An executive at a company I work with recently told me:“We have very creative employees who want to be innovative but find many obstacles created by the cultural opposition to it. We have to find a way to hold a mirror up to leaders so they can recognize the issue and then give them tools to overcome or at least neutralize the cultural barriers.”
He’s so right! We spend a lot of time training and encouraging employees at all levels how to be more creative and innovation. They leave our programs all fired up ready to change the world, then go back to a workplace that crushes their innovative ideas and enthusiasm. It’s usually the organization’s leaders, with good intentions that unknowingly putting up barriers to innovation.
According to research from creativity researcher Goran Ekvall, leaders who seek innovation but are unsure how to make it happen can easily undermine innovation goals. In fact, leadership behavior contributes from 20% to 67% of the climate for creativity in organizations (from CCL whitepaper “Innovation, How Leadership Makes the Difference”).
Becoming a leader that drives innovation doesn’t always require learning new skills – it often means stopping innovative-killing behaviors or practices.
Here are 10 things a leader can do to create an environment where employees are encouraged to be innovative:1. Be a connector. Facilitate constructive cooperation (not competition!) between groups working on similar opportunities).

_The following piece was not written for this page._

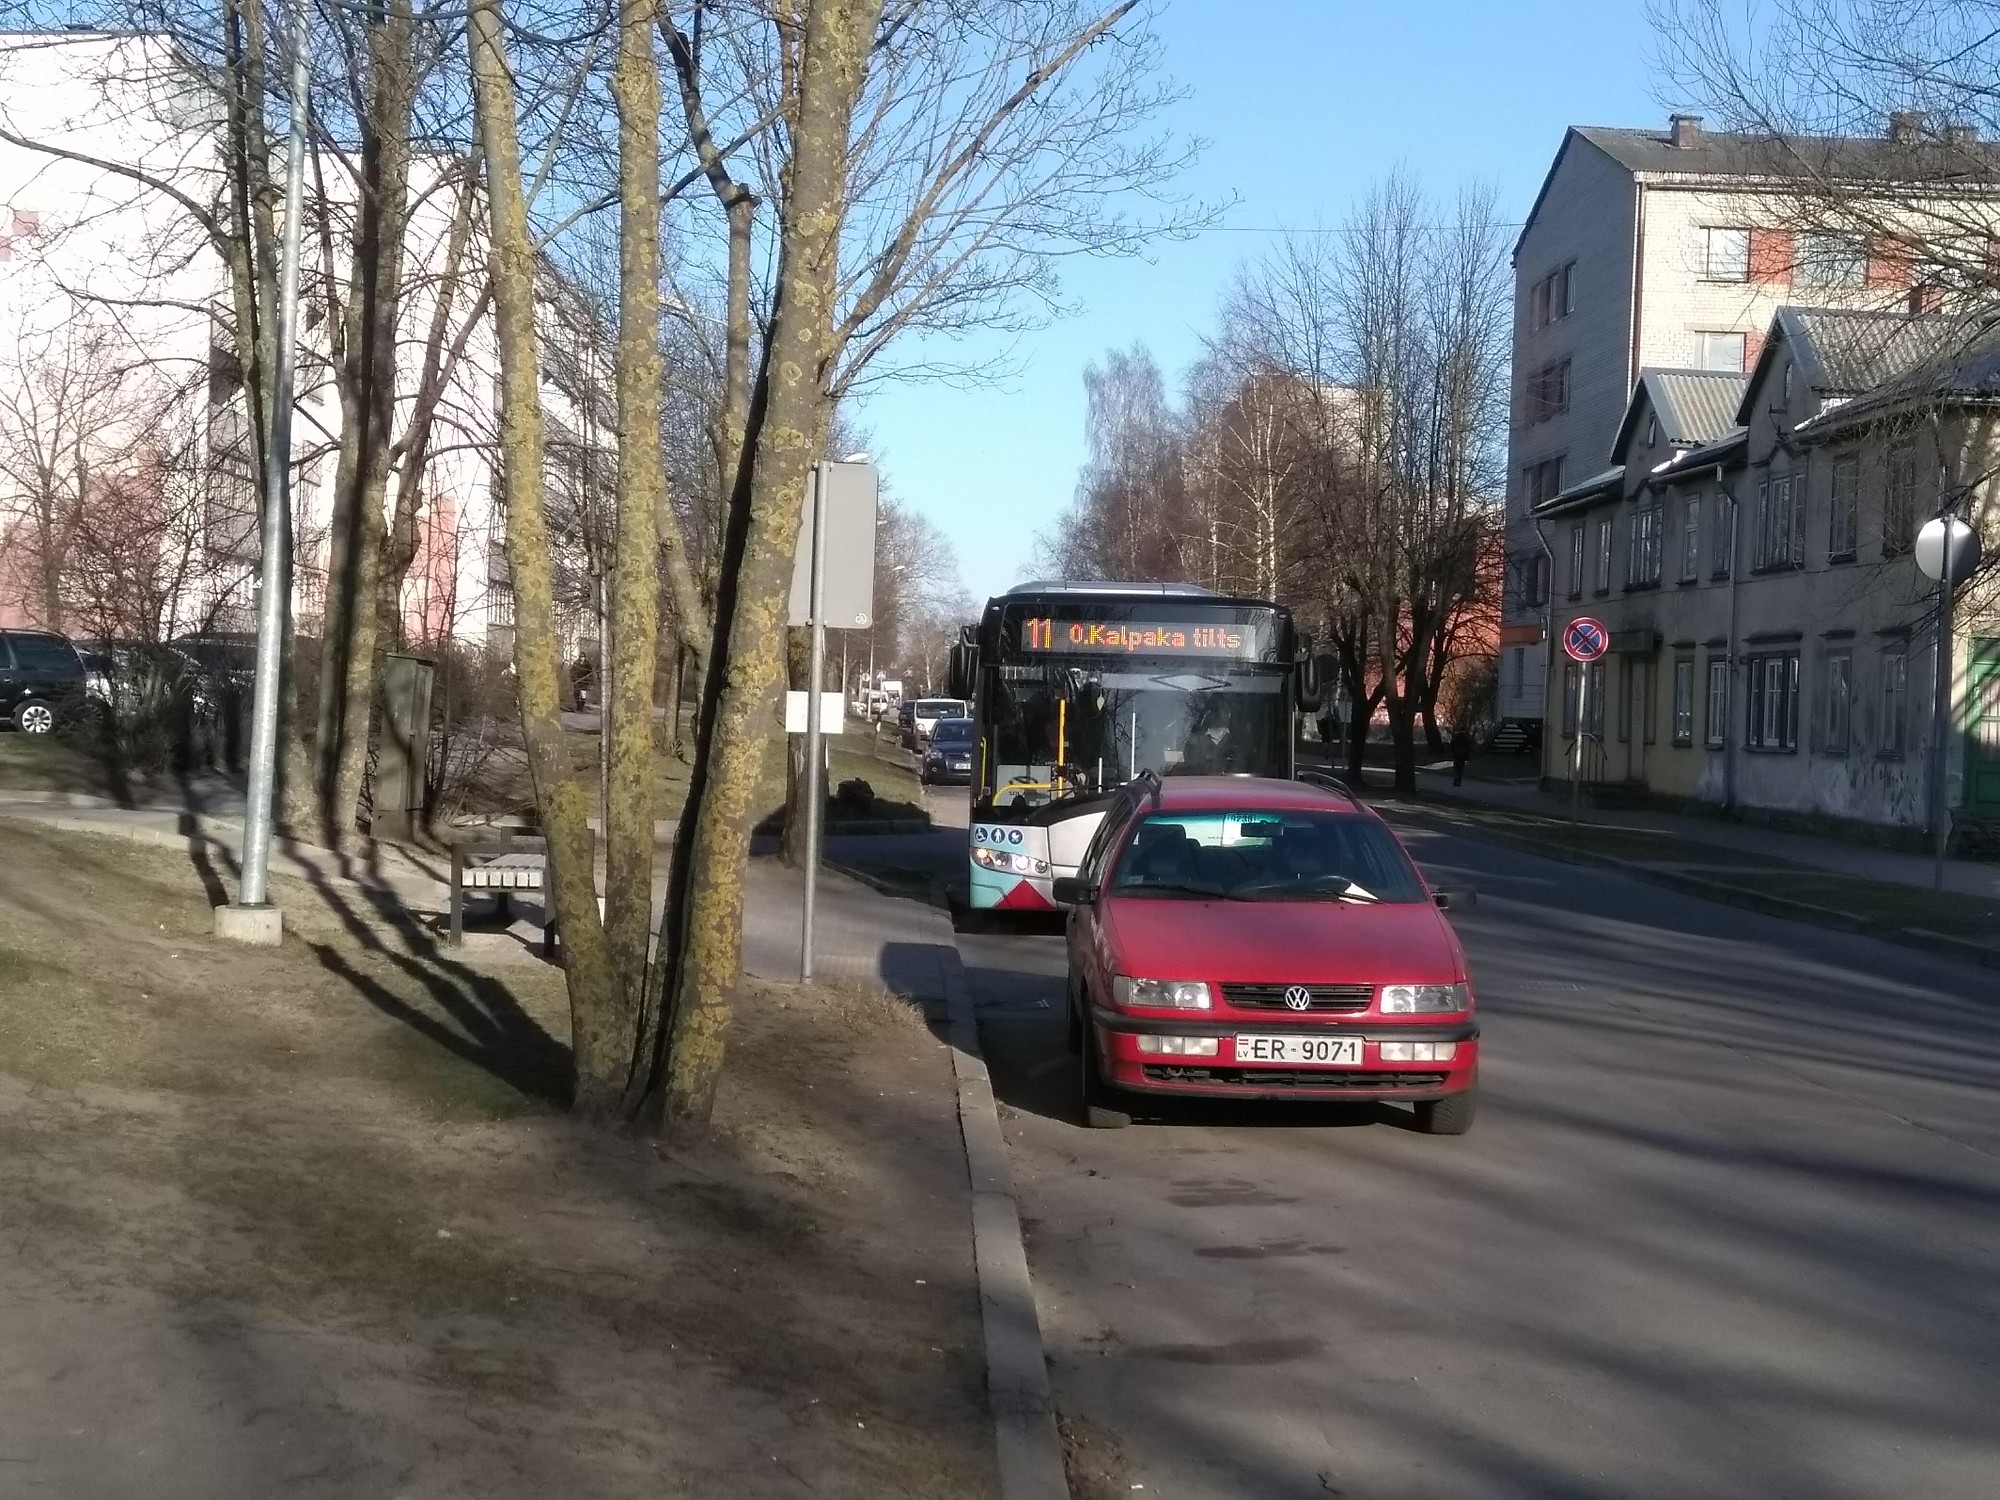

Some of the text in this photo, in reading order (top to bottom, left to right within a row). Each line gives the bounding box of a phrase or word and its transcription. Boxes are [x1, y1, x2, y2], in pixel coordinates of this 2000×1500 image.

[1027, 618, 1241, 651] 11 O.Kalpaka tilts
[1238, 1050, 1248, 1058] LV

2. Allow employees time to innovate. Engineering organizations are notorious for making sure 100% of their engineer’s time is billed to a program. Leaders need to give employees a few hours a week to experiment, work on projects that are outside of their jobs, to read, or to solve problems. Google is well known for the practice of allowing their employees to spend 20% of their time on things not related to their immediate jobs or projects.3. Encourage your employee to hang out with “PNLUs” (people not like you). People that are different bring a different perspective and fresh ideas. Some teams invite PNLUs to be a part of their project teams.

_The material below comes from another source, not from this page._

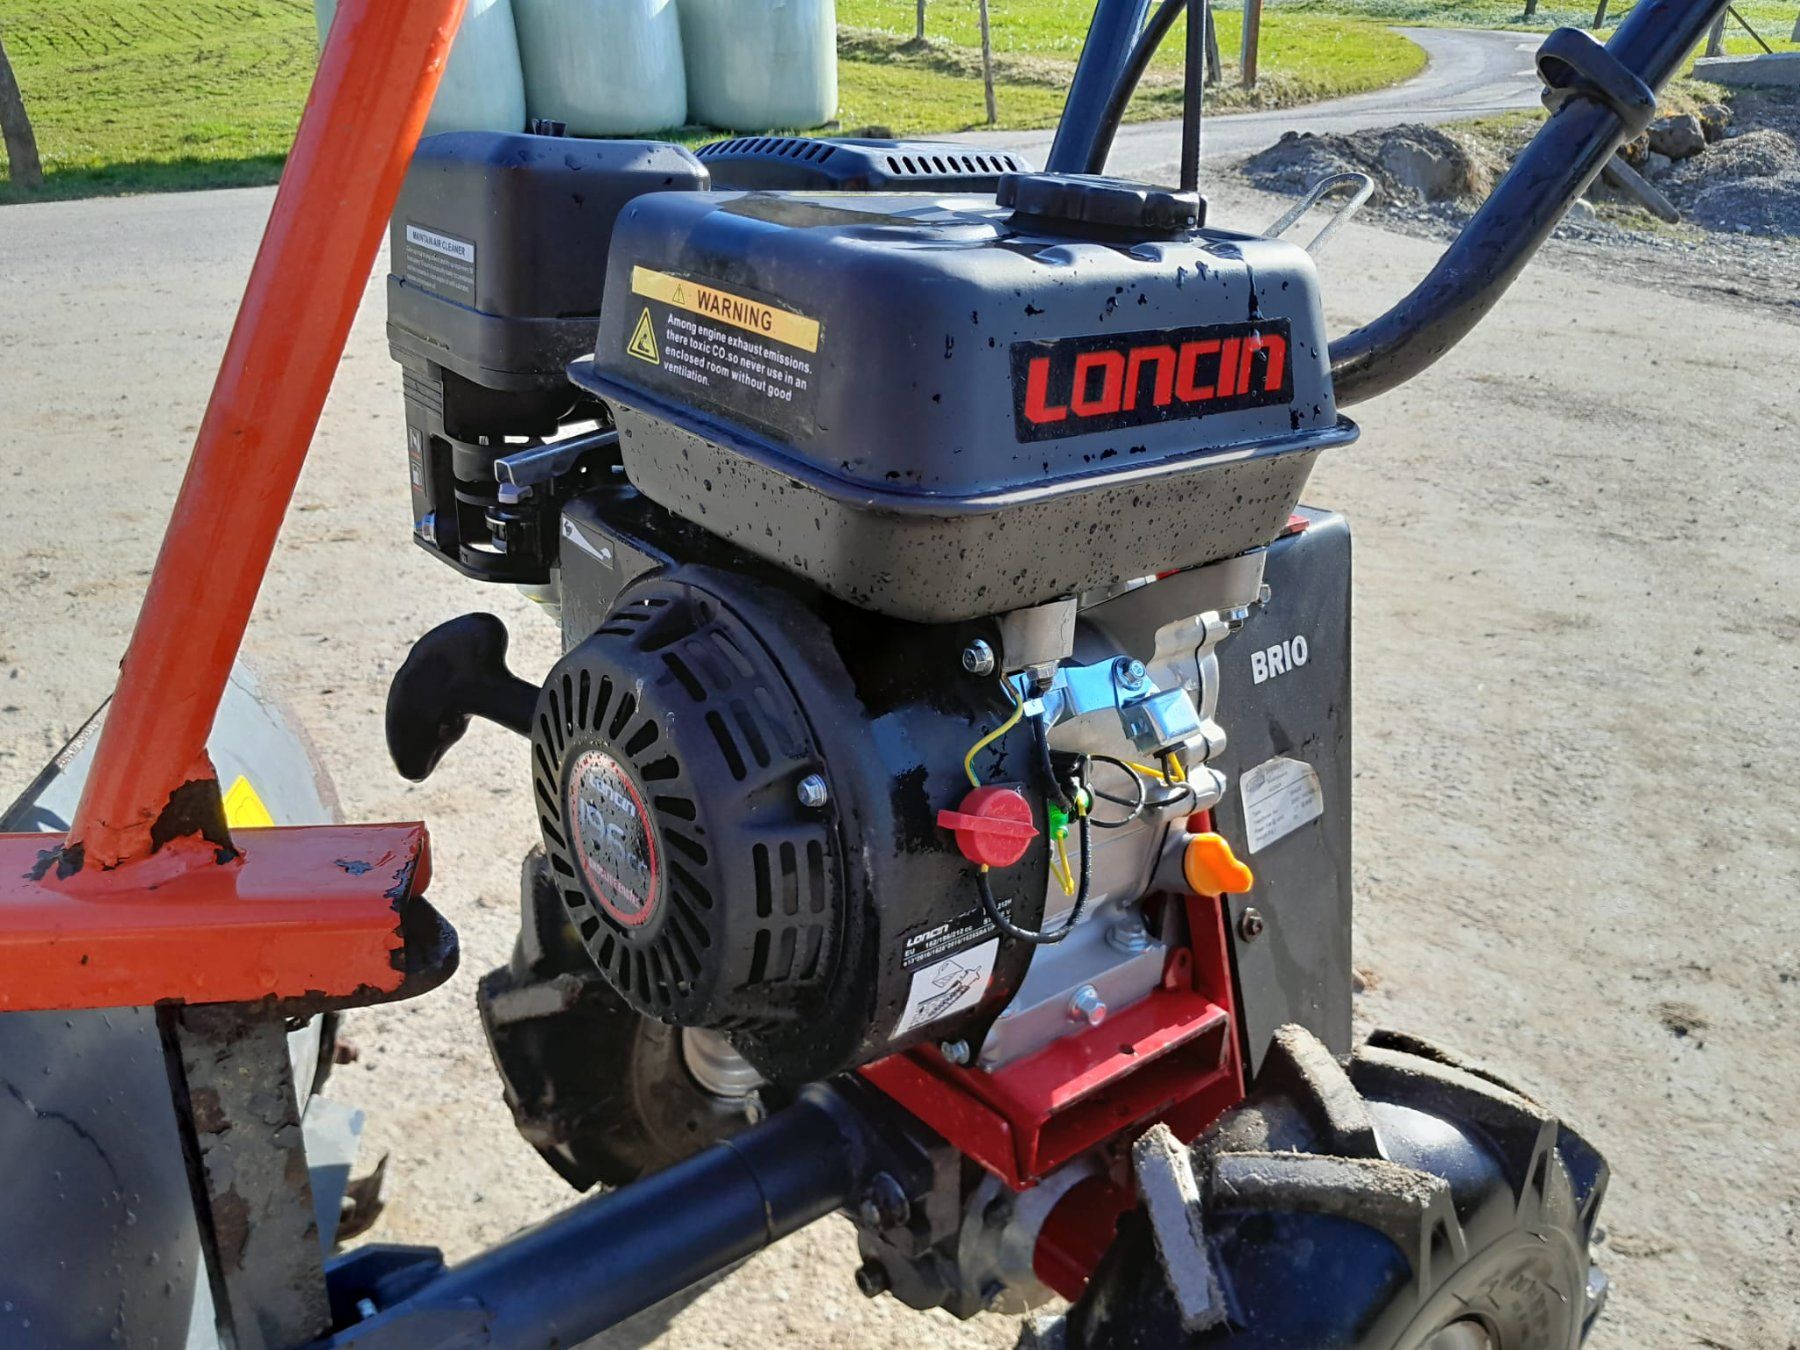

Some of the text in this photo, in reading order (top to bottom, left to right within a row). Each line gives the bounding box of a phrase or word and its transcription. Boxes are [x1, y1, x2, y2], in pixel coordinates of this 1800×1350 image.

4. Replace “yeah but” with “what if”. Instead of saying, “It won’t work,” or, “We already tried that,” say “Well, up until now it hasn’t worked,” or, “What if…?”5. Set a realistic expectation for innovation success. Innovative ideas, by their very nature, probably won’t be readily accepted or they will fail. What’s a good batting average for innovation? Some would say around 200, or one out of five ideas. Don’t let your employees get frustrated about the four rejections – instead, reward the effort and encourage them to come back swinging until they get a hit.
6. Take an Edison approach to “failure”: “I have not failed. I've just found 10,000 ways that won't work.”7. Provide as much autonomy and ownership for jobs, projects, or tasks. According to Daniel Pink, employees are motivated the most by autonomy – the freedom to do things their own way. The challenge for many managers to allow employees to do things differently than they would do them, as long as they are getting good results. Who knows, they may come up with a better way!
8. Provide training. Innovation is not something a person is born with (DNA) – innovation can be learned. Provide training in how to be more innovative.9. Allow your employees to attend conferences and networking events. Again, in order to get them exposed to PNLUs and new ideas.
10. Encourage employees to observe their customers or users. This is central to the concept of “design thinking,” pioneered by the innovative design company IDEO. This isn’t about reading market research reports or user surveys – it’s about actually going out and observing the users of whatever it is you make or provide.